Parameters: - enable_anonymization (bool): Enable/disable anonymization for this request - anonymization_types (list[int]): List of PII type IDs to redact (see table above)

If not specified, uses your default settings from the dashboard.

Via Dashboard¶

Navigate to Settings → Privacy & Security
Enable Anonymization: Toggle ON
Select PII Types: Choose which categories to redact:
Custom: Select individual types
Save Settings

Your settings apply to all requests unless overridden per-request.

API Examples¶

Customer Support Scenario¶

Python
# Request
{
  "model": "gpt-4",
  "messages": [
    {"role": "user", "content": "Summarize this support ticket: Customer Emma Watson (emma.w@gmail.com) from London called at 14:30 reporting login issues. Her account ID is ACC-28471 and phone is +44-20-7946-0958."}
  ],
  "enable_anonymization": True,
  "anonymization_types": [8, 17, 26, 34, 35]  # EMAIL, LOCATION, PERSON, TELEPHONENUM, TIME
}

# Sent to LLM provider:
"Summarize this support ticket: Customer [a person] ([an email address]) from [a location] called at [a time] reporting login issues. Her account ID is ACC-28471 and phone is [a telephone number]."

HR/Payroll Processing¶

Python
{
  "model": "claude-3-sonnet",
  "messages": [
    {"role": "user", "content": "Process payroll for employee Robert Martinez (SSN: 456-78-9012, robert.m@company.com). Payment of $4,850 to account IT60X0542811101000000123456 on March 15, 2024."}
  ],
  "enable_anonymization": True,
  "anonymization_types": [2, 6, 8, 21, 32]  # BANKACCOUNT, DATE, EMAIL, MONEY, SSN
}

# Result:
"Process payroll for employee Robert Martinez (SSN: [a social security number], [an email address]).
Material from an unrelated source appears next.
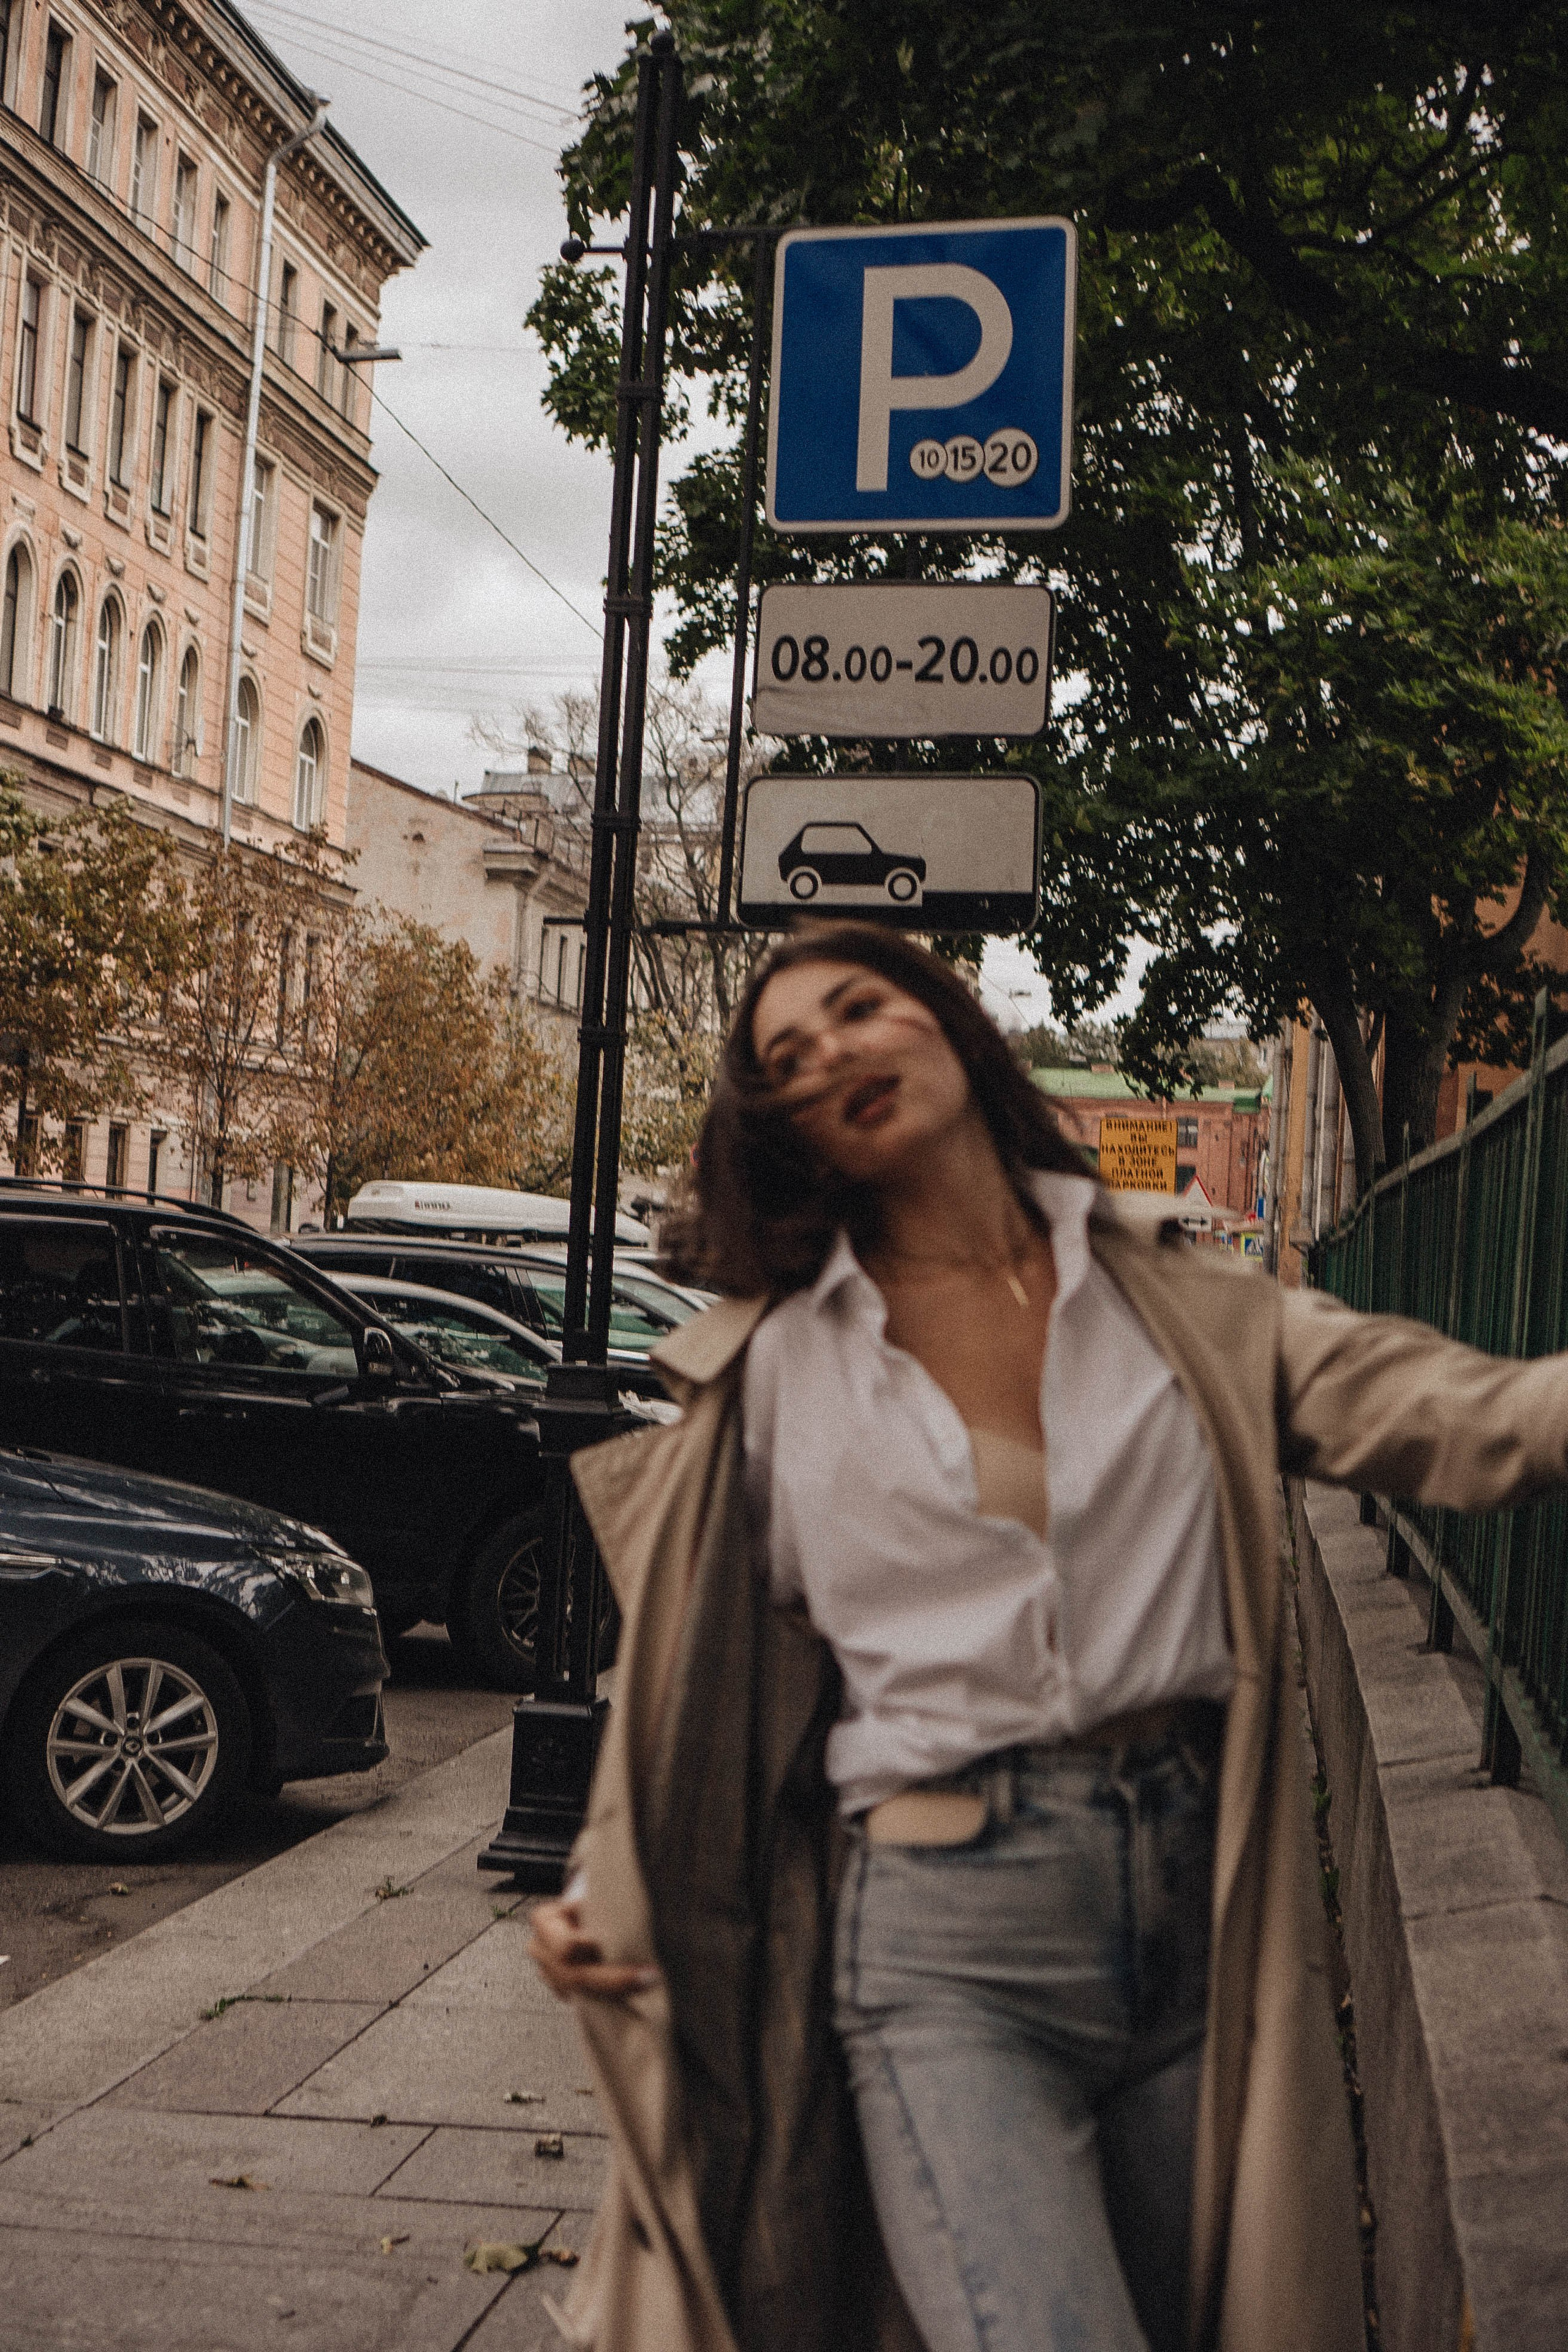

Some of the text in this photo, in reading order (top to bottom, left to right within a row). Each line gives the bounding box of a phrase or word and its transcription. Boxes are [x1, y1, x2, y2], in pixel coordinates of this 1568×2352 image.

[856, 263, 1013, 492] P
[919, 442, 1032, 474] 10 15 20
[771, 634, 1039, 685] 08.00-20.00
Payment of [a monetary value] to account [a bank account] on [a date]."

Healthcare/Medical Records¶

Python
{
  "model": "auto",  # Auto-routing also works
  "messages": [
    {"role": "user", "content": "Generate care plan summary for patient David Kumar (MRN: MRN-2024-5847, blood type A+) at Mayo Clinic, Boston. Insurance: Blue Cross #H987654321. Emergency contact: wife Priya at +1-617-555-8423."}
  ],
  "enable_anonymization": True,
  "anonymization_types": [
    4,   # BLOODTYPE
    12,  # HEALTHINSURANCE
    17,  # LOCATION
    20,  # MEDICALRECORDNUMBER
    23,  # ORGANIZATION
    26,  # PERSON
    34   # TELEPHONENUM
  ]
}

# Result:
"Generate care plan summary for patient [a person] (MRN: [a medical record number], blood type [a blood type]) at [an organization], [a location]. Insurance: [a health insurance number]. Emergency contact: wife [a person] at [a telephone number]."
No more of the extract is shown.